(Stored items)
BEGIN

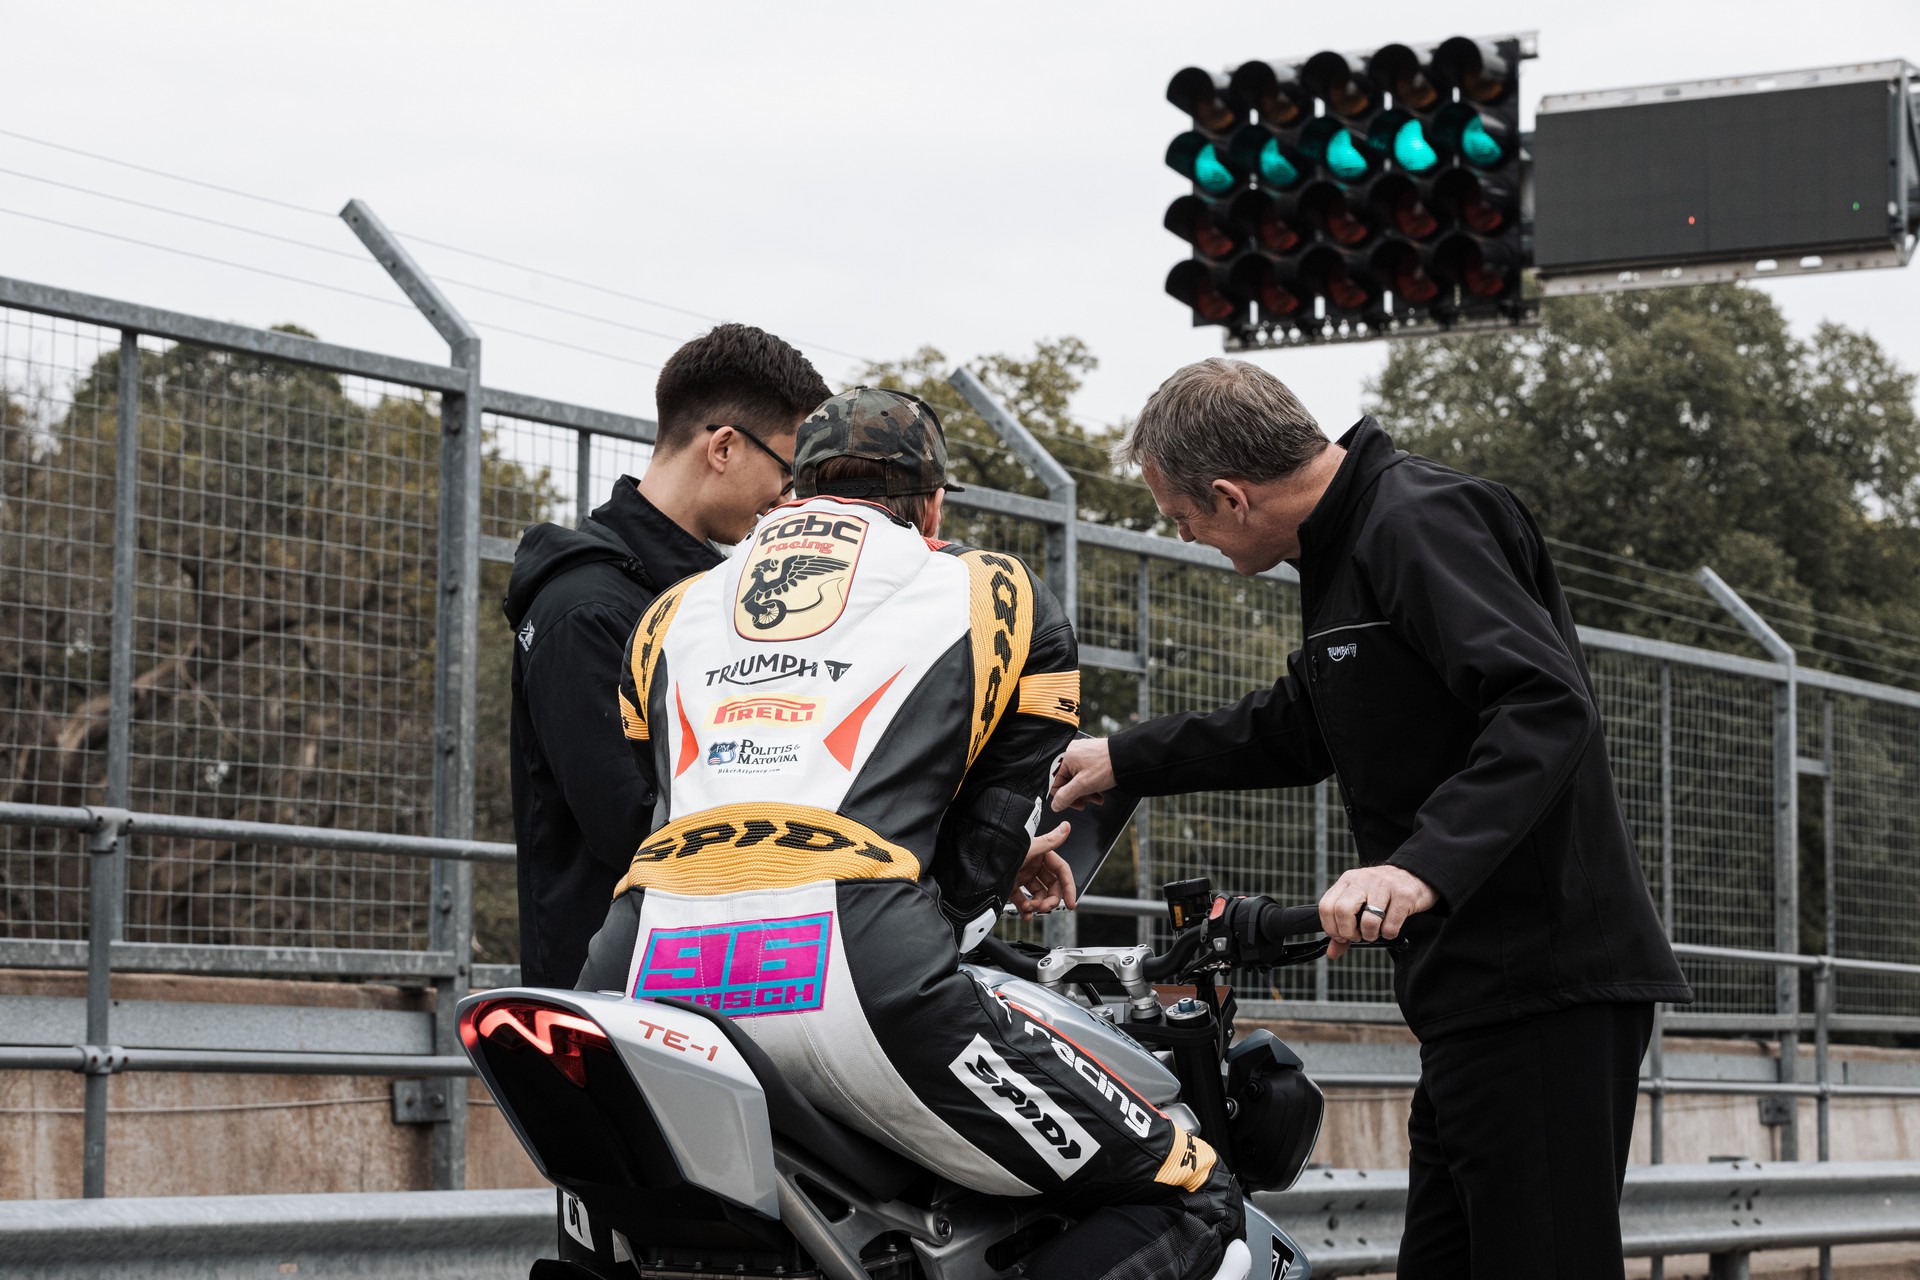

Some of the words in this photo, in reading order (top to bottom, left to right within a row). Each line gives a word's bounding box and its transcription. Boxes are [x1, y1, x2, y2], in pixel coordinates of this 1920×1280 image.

[765, 539, 835, 555] racing
[705, 653, 819, 686] TRIUMPH
[713, 698, 816, 724] PIRELLI
[737, 753, 798, 765] MATOVINA
[632, 819, 894, 864] SPIDI
[642, 922, 822, 991] 96
[638, 1020, 719, 1062] TE-1
[1024, 1020, 1152, 1138] racing
[964, 1054, 1082, 1160] SPIDI

END

Reproduce every entry exactly; images stay out.

Some of the words in this photo, in reading order (top to bottom, left to right within a row). Each line gives a word's bounding box and its transcription. Boxes are [x1, y1, x2, y2], in pixel coordinates of this 1920×1280 image.

[765, 539, 835, 555] racing
[705, 653, 819, 686] TRIUMPH
[713, 698, 816, 724] PIRELLI
[737, 753, 798, 765] MATOVINA
[632, 819, 894, 864] SPIDI
[642, 922, 822, 991] 96
[638, 1020, 719, 1062] TE-1
[1024, 1020, 1152, 1138] racing
[964, 1054, 1082, 1160] SPIDI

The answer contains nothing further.